Achilles Tendon Rupture
Achilles tendon rupture can result from sudden forced dorsiflexion — the ankle being violently bent upward — which occurs when the foot is braced on the brake pedal and the lower extremity absorbs a sudden impact. Surgical repair with open tendon reapproximation is standard in active patients, followed by 4 to 6 months of progressive rehabilitation. Chronic weakness in plantarflexion — the ability to push off the foot — is a common residual deficit limiting running, stair climbing, and prolonged standing.

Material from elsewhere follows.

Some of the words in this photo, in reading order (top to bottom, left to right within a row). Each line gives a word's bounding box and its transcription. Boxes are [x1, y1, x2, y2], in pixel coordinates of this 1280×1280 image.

Mechanisms of Ankle and Foot Injury in Car Accidents
Foot on the brake pedal. The most common mechanism for ankle and foot injuries in frontal collisions is the foot braced on the brake pedal at the moment of impact. As the vehicle decelerates suddenly, the foot remains fixed while the lower leg is driven forward and downward. Compressive and axial forces transmitted through the foot and ankle can fracture the calcaneus, the tibial plafond (pilon fracture), or the talus, and can disrupt the Lisfranc joint complex. This mechanism is particularly destructive in high-energy frontal impacts on Long Island highways such as the LIE and the Southern State Parkway.

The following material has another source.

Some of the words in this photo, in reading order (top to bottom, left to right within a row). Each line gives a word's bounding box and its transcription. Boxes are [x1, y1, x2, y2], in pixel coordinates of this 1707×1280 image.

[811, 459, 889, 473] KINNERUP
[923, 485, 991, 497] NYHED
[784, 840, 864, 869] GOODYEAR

Crushing force in the driver footwell. In severe frontal and offset-frontal collisions, engine compartment and dashboard intrusion into the driver’s footwell physically traps and crushes the foot, producing open fractures, compartment syndrome, and multi-level fracture patterns requiring complex reconstructive surgery.
Ejection impact. Occupants ejected from vehicles in rollover accidents sustain ankle and foot injuries from contact with the road surface, guardrail, or other objects, potentially involving complex fracture patterns, degloving injuries, and vascular damage.
Pedestrian impact. Pedestrians struck by vehicles frequently sustain ankle and foot injuries from bumper contact or from falling after being struck. Lisfranc injuries, metatarsal fractures, and ankle fractures are particularly common in pedestrian-versus-vehicle accidents.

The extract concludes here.